> _What is expected_
Type out all the records once more, exactly.

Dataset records
==========

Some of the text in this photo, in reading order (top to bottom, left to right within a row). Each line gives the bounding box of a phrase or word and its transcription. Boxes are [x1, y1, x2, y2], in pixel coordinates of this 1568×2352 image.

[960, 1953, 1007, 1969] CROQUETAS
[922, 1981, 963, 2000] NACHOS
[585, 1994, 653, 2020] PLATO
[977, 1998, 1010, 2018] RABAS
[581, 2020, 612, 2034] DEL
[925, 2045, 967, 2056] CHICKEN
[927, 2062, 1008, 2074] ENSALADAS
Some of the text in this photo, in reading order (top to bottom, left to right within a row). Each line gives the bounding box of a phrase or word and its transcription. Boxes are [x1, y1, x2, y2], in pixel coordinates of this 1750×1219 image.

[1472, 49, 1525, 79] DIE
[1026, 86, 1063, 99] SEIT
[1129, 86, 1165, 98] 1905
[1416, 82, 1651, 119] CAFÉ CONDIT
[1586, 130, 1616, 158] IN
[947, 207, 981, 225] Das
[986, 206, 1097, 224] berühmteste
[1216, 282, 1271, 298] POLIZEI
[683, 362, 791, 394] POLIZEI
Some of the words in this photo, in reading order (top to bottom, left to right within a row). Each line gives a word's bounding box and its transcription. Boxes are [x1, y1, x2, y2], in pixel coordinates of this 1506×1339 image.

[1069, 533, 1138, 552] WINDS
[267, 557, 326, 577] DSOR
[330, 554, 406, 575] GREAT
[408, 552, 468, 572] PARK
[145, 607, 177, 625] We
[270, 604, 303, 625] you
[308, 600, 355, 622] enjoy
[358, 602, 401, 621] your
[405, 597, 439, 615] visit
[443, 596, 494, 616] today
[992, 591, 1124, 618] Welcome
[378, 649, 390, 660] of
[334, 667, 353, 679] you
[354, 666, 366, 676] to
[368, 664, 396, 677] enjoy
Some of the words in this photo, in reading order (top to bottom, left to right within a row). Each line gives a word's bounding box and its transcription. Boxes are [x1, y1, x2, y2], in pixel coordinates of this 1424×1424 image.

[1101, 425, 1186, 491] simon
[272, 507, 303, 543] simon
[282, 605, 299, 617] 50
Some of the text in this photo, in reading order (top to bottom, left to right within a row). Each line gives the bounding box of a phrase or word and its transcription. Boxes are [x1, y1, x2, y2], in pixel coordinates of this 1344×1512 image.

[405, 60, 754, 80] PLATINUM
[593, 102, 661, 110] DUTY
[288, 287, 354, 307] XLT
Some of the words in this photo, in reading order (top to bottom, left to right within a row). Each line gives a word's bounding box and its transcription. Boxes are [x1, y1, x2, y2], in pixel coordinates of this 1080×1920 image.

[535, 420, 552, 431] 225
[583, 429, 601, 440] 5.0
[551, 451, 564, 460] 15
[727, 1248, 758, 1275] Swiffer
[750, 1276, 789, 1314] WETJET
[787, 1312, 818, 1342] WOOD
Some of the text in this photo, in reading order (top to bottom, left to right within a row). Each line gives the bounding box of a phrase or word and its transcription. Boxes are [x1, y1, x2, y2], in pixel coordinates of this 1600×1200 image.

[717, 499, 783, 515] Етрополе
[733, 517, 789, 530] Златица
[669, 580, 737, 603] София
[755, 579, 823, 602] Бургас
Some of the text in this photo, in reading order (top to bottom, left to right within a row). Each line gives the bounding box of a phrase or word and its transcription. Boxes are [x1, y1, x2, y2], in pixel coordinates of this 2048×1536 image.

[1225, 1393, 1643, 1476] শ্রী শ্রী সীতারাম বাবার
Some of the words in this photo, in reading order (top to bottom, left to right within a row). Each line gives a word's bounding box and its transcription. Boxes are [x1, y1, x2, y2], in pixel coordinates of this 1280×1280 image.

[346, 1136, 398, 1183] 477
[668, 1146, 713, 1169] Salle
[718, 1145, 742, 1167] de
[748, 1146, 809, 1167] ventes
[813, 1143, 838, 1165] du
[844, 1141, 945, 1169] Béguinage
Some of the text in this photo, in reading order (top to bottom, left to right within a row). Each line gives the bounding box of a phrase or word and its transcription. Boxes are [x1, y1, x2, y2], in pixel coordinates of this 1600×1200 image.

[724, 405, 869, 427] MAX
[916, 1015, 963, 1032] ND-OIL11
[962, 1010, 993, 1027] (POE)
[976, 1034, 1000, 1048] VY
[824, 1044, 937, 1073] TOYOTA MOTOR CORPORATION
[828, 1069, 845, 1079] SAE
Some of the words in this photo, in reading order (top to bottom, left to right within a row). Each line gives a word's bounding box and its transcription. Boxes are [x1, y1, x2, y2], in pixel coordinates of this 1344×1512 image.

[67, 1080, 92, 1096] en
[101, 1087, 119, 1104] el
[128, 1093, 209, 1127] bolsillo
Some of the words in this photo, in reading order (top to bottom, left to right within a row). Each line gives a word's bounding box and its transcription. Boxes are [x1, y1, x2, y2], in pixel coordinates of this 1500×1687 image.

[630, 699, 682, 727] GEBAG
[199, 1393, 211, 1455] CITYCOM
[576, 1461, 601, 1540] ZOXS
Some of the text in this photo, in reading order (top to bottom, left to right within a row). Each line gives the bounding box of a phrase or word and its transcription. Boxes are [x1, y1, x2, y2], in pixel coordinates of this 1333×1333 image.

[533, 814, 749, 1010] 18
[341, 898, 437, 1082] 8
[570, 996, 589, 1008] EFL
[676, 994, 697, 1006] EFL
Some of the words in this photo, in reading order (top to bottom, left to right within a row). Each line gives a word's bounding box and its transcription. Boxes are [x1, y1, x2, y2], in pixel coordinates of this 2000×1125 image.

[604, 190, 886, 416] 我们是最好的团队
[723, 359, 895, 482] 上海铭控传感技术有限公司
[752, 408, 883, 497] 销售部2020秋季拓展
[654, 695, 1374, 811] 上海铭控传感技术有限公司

==========

> _Task solution_
Some of the text in this photo, in reading order (top to bottom, left to right within a row). Each line gives the bounding box of a phrase or word and its transcription. Boxes are [x1, y1, x2, y2], in pixel coordinates of this 1568×2352 image.

[960, 1953, 1007, 1969] CROQUETAS
[922, 1981, 963, 2000] NACHOS
[585, 1994, 653, 2020] PLATO
[977, 1998, 1010, 2018] RABAS
[581, 2020, 612, 2034] DEL
[925, 2045, 967, 2056] CHICKEN
[927, 2062, 1008, 2074] ENSALADAS
Some of the text in this photo, in reading order (top to bottom, left to right within a row). Each line gives the bounding box of a phrase or word and its transcription. Boxes are [x1, y1, x2, y2], in pixel coordinates of this 1750×1219 image.

[1472, 49, 1525, 79] DIE
[1026, 86, 1063, 99] SEIT
[1129, 86, 1165, 98] 1905
[1416, 82, 1651, 119] CAFÉ CONDIT
[1586, 130, 1616, 158] IN
[947, 207, 981, 225] Das
[986, 206, 1097, 224] berühmteste
[1216, 282, 1271, 298] POLIZEI
[683, 362, 791, 394] POLIZEI
Some of the words in this photo, in reading order (top to bottom, left to right within a row). Each line gives a word's bounding box and its transcription. Boxes are [x1, y1, x2, y2], in pixel coordinates of this 1506×1339 image.

[1069, 533, 1138, 552] WINDS
[267, 557, 326, 577] DSOR
[330, 554, 406, 575] GREAT
[408, 552, 468, 572] PARK
[145, 607, 177, 625] We
[270, 604, 303, 625] you
[308, 600, 355, 622] enjoy
[358, 602, 401, 621] your
[405, 597, 439, 615] visit
[443, 596, 494, 616] today
[992, 591, 1124, 618] Welcome
[378, 649, 390, 660] of
[334, 667, 353, 679] you
[354, 666, 366, 676] to
[368, 664, 396, 677] enjoy
Some of the words in this photo, in reading order (top to bottom, left to right within a row). Each line gives a word's bounding box and its transcription. Boxes are [x1, y1, x2, y2], in pixel coordinates of this 1424×1424 image.

[1101, 425, 1186, 491] simon
[272, 507, 303, 543] simon
[282, 605, 299, 617] 50
Some of the text in this photo, in reading order (top to bottom, left to right within a row). Each line gives the bounding box of a phrase or word and its transcription. Boxes are [x1, y1, x2, y2], in pixel coordinates of this 1344×1512 image.

[405, 60, 754, 80] PLATINUM
[593, 102, 661, 110] DUTY
[288, 287, 354, 307] XLT
Some of the words in this photo, in reading order (top to bottom, left to right within a row). Each line gives a word's bounding box and its transcription. Boxes are [x1, y1, x2, y2], in pixel coordinates of this 1080×1920 image.

[535, 420, 552, 431] 225
[583, 429, 601, 440] 5.0
[551, 451, 564, 460] 15
[727, 1248, 758, 1275] Swiffer
[750, 1276, 789, 1314] WETJET
[787, 1312, 818, 1342] WOOD
Some of the text in this photo, in reading order (top to bottom, left to right within a row). Each line gives the bounding box of a phrase or word and its transcription. Boxes are [x1, y1, x2, y2], in pixel coordinates of this 1600×1200 image.

[717, 499, 783, 515] Етрополе
[733, 517, 789, 530] Златица
[669, 580, 737, 603] София
[755, 579, 823, 602] Бургас
Some of the text in this photo, in reading order (top to bottom, left to right within a row). Each line gives the bounding box of a phrase or word and its transcription. Boxes are [x1, y1, x2, y2], in pixel coordinates of this 2048×1536 image.

[1225, 1393, 1643, 1476] শ্রী শ্রী সীতারাম বাবার
Some of the words in this photo, in reading order (top to bottom, left to right within a row). Each line gives a word's bounding box and its transcription. Boxes are [x1, y1, x2, y2], in pixel coordinates of this 1280×1280 image.

[346, 1136, 398, 1183] 477
[668, 1146, 713, 1169] Salle
[718, 1145, 742, 1167] de
[748, 1146, 809, 1167] ventes
[813, 1143, 838, 1165] du
[844, 1141, 945, 1169] Béguinage
Some of the text in this photo, in reading order (top to bottom, left to right within a row). Each line gives the bounding box of a phrase or word and its transcription. Boxes are [x1, y1, x2, y2], in pixel coordinates of this 1600×1200 image.

[724, 405, 869, 427] MAX
[916, 1015, 963, 1032] ND-OIL11
[962, 1010, 993, 1027] (POE)
[976, 1034, 1000, 1048] VY
[824, 1044, 937, 1073] TOYOTA MOTOR CORPORATION
[828, 1069, 845, 1079] SAE
Some of the words in this photo, in reading order (top to bottom, left to right within a row). Each line gives a word's bounding box and its transcription. Boxes are [x1, y1, x2, y2], in pixel coordinates of this 1344×1512 image.

[67, 1080, 92, 1096] en
[101, 1087, 119, 1104] el
[128, 1093, 209, 1127] bolsillo
Some of the words in this photo, in reading order (top to bottom, left to right within a row). Each line gives a word's bounding box and its transcription. Boxes are [x1, y1, x2, y2], in pixel coordinates of this 1500×1687 image.

[630, 699, 682, 727] GEBAG
[199, 1393, 211, 1455] CITYCOM
[576, 1461, 601, 1540] ZOXS
Some of the text in this photo, in reading order (top to bottom, left to right within a row). Each line gives the bounding box of a phrase or word and its transcription. Boxes are [x1, y1, x2, y2], in pixel coordinates of this 1333×1333 image.

[533, 814, 749, 1010] 18
[341, 898, 437, 1082] 8
[570, 996, 589, 1008] EFL
[676, 994, 697, 1006] EFL
Some of the words in this photo, in reading order (top to bottom, left to right within a row). Each line gives a word's bounding box and its transcription. Boxes are [x1, y1, x2, y2], in pixel coordinates of this 2000×1125 image.

[604, 190, 886, 416] 我们是最好的团队
[723, 359, 895, 482] 上海铭控传感技术有限公司
[752, 408, 883, 497] 销售部2020秋季拓展
[654, 695, 1374, 811] 上海铭控传感技术有限公司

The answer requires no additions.